How to build an effective IAM architecture
Identity and access management is changing and so must strategies for managing it. Read up on IAM architecture approaches and how to select the best for your organization.
Identity and access management, or IAM -- the discipline of ensuring the right individuals have access to the right things at the right times -- sometimes falls into the category of things that are so foundational to enterprise security that we don't stop to think about them. Like many technologies that have reached a high level of maturity, IAM becomes plumbing; it goes unnoticed until there's a problem. That doesn't mean IT decision-makers should stop paying attention.
To devise the best IAM architecture for specific use cases, an organization must be clear about what it hopes to accomplish. Let's examine the key questions and decisions involved.
3 key steps to selecting an IAM architecture
There are important starting points, including knowing who will be authenticated and why, determining which applications users employ and understanding where those users are located.
As these questions are answered, pay particular attention to these areas:
- SaaS applications hosted outside the enterprise environment.
- Identity requirements for nonhuman actors (e.g., machines, applications and containers), including potentially ephemeral identities.
- Usage that presupposes identities not belonging to the organization.
The process for creating an effective IAM architecture can be broken down into three steps.
Step 1
Security teams should make a list of usage that they anticipate users will interact with, including applications, services, components and other elements. Consolidating this into a list helps validate with others in the organization that usage assumptions are correct. It can also be used as input into the product selection process when evaluating if IAM mechanisms provide the needed capabilities. As you do this and as outlined above, factor in nonhuman identities as well as human ones since you'll want to make sure to address both. Taking action to manage these nonhuman identities is becoming one of the major trends in IAM and cybersecurity.
Step 2
Think through how different environments -- for example, cloud SaaS applications and on-premises applications such as domain login -- will be linked together. There are times when different systems might be needed to accommodate different types of applications and usage. Understanding which other systems exist outside enterprise boundaries is useful because these systems might need to federate in specific ways. For example, Cloud Provider A might enable federation via Security Assertion Markup Language (SAML), while Provider B does so via OpenID Connect. Each of these needs to be accounted for.
Step 3
Consider carefully which specific areas of IAM are most important to the business. The following list of questions will help enterprises evaluate potential vendors and systems:
- Is MFA necessary?
- Do customers and employees need to be supported in the same system?

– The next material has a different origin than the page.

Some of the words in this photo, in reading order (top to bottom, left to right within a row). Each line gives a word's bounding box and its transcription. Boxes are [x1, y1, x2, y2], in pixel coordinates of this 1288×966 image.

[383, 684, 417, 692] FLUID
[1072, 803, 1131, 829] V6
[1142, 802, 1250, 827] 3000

- Are automated provisioning and deprovisioning required?
- Which standards need to be supported?
That said, there are many IAM architectural elements, approaches and design principles to consider when evaluating the best option for your organization's business needs.
The evolving IAM architecture
From an architectural point of view, the design of most IAM implementations is relatively straightforward at first glance. Complexities only arise when the implications are considered and extended to particular use cases.

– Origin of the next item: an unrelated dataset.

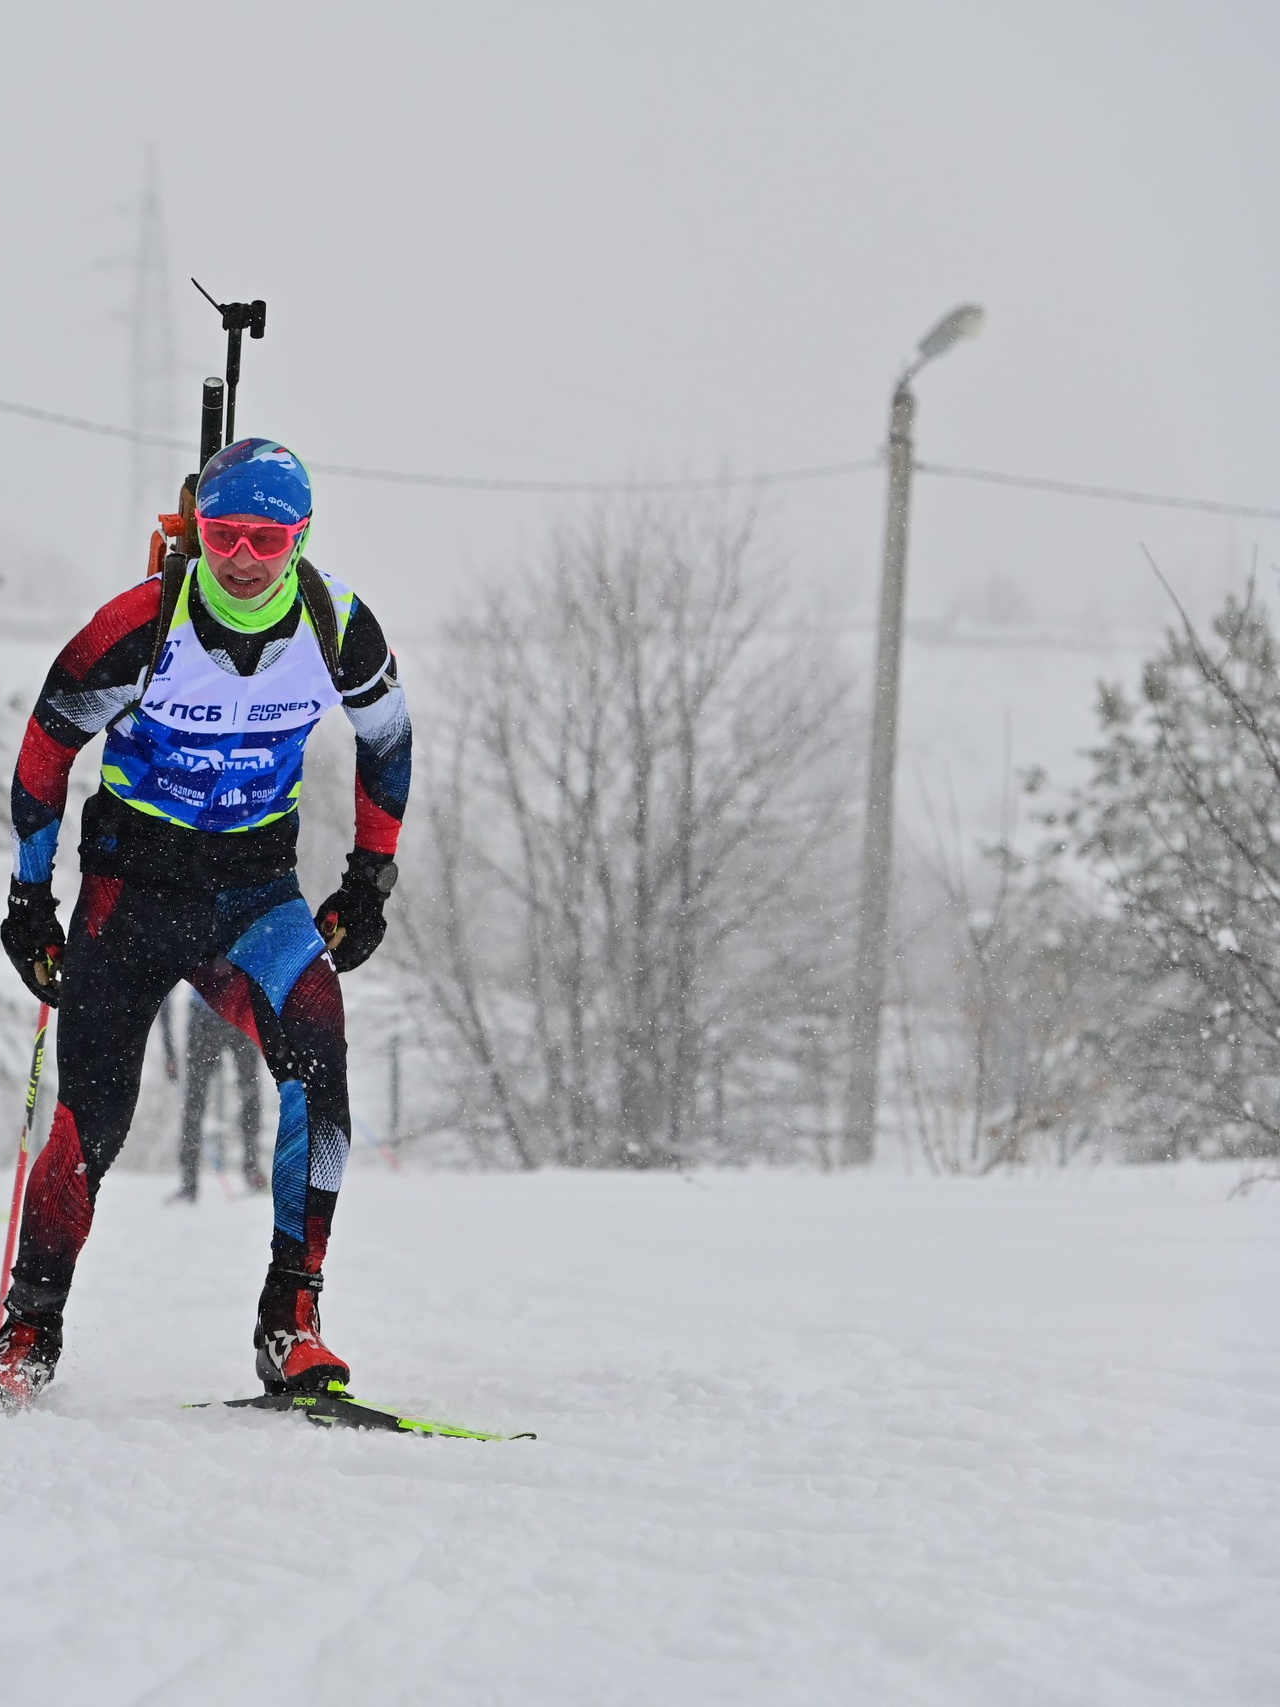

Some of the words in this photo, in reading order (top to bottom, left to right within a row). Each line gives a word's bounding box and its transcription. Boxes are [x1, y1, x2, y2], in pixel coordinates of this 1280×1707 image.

Consider the Open Security Architecture (OSA) design pattern for Identity Management, SP-010 (Figure 1). OSA represents an open, collaborative repository for security architectural design patterns -- i.e., strategies that encapsulate systems in pictorial format for use by the community.

Figure 1 shows the diagram portion of the OSA IAM design pattern. Textual elements, which further explain the conceptual view, description and other salient notes, have been left out for the sake of brevity and because most of these details are implied in the diagram.
A few assumptions are implicit in the diagram. First, it addresses multiple roles that interact with IAM components, as well as systems and services that rely on it. Second, it separates policy enforcement -- in this diagram, enforced at the server/service level -- from policy decisions, which are handled via the combination of the directory and authentication service. Lastly, it is built around the assumption that the organization owns and manages user identity.
This is a traditional design pattern, and it is important to note that some of its underlying assumptions are in transition in a few ways. First, there is the question of federation to external service providers, which can require separate infrastructure to set up and maintain. Then, there is the question of extending identity into the cloud, which, depending on the model employed, can either use state transfer -- for example, SAML or OpenID Connect -- to federate between on-premises and cloud or can use cloud-native identity providers directly.
There is also the question of who is being authenticated and for what purpose. The OSA diagram is clearly targeted at employees. Organizations today must maintain multiple identities beyond their employees, such as customers, application users, system administrative users, machine identities and other types of users. An organization employing a model like this for internal user authentication and access control could very well also have a production application that contains customer user accounts. This might be as sophisticated as a customer IAM platform (CIAM), or depending on the use, it could be as simple as a database table that contains application-specific user credentials.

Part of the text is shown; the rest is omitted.